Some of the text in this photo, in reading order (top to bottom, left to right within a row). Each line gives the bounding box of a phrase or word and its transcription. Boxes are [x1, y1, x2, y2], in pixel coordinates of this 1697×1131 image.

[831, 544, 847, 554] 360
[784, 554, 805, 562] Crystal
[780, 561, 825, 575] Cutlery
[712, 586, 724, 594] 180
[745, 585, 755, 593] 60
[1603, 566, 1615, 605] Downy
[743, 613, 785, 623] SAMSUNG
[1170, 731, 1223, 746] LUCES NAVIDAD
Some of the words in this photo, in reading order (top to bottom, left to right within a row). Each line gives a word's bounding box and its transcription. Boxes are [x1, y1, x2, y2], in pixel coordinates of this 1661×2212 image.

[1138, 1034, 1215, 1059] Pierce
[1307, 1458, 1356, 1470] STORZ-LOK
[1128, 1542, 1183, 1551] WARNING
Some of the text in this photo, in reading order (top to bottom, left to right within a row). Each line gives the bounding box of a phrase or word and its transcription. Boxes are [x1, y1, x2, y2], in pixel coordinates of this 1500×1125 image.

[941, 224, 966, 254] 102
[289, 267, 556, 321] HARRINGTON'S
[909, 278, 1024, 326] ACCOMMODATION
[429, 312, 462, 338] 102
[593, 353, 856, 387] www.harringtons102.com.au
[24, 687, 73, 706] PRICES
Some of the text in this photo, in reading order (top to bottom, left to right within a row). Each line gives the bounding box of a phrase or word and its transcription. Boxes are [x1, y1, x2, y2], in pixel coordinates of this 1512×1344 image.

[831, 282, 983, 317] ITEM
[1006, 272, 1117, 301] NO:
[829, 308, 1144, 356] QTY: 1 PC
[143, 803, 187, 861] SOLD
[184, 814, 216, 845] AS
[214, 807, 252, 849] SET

========

* _Exercise directions_: Retype only the lines running from the line with "this 1500×1125 image." to the end of the listing, including both of those lines.

* _Response area_:
Some of the text in this photo, in reading order (top to bottom, left to right within a row). Each line gives the bounding box of a phrase or word and its transcription. Boxes are [x1, y1, x2, y2], in pixel coordinates of this 1500×1125 image.

[941, 224, 966, 254] 102
[289, 267, 556, 321] HARRINGTON'S
[909, 278, 1024, 326] ACCOMMODATION
[429, 312, 462, 338] 102
[593, 353, 856, 387] www.harringtons102.com.au
[24, 687, 73, 706] PRICES
Some of the text in this photo, in reading order (top to bottom, left to right within a row). Each line gives the bounding box of a phrase or word and its transcription. Boxes are [x1, y1, x2, y2], in pixel coordinates of this 1512×1344 image.

[831, 282, 983, 317] ITEM
[1006, 272, 1117, 301] NO:
[829, 308, 1144, 356] QTY: 1 PC
[143, 803, 187, 861] SOLD
[184, 814, 216, 845] AS
[214, 807, 252, 849] SET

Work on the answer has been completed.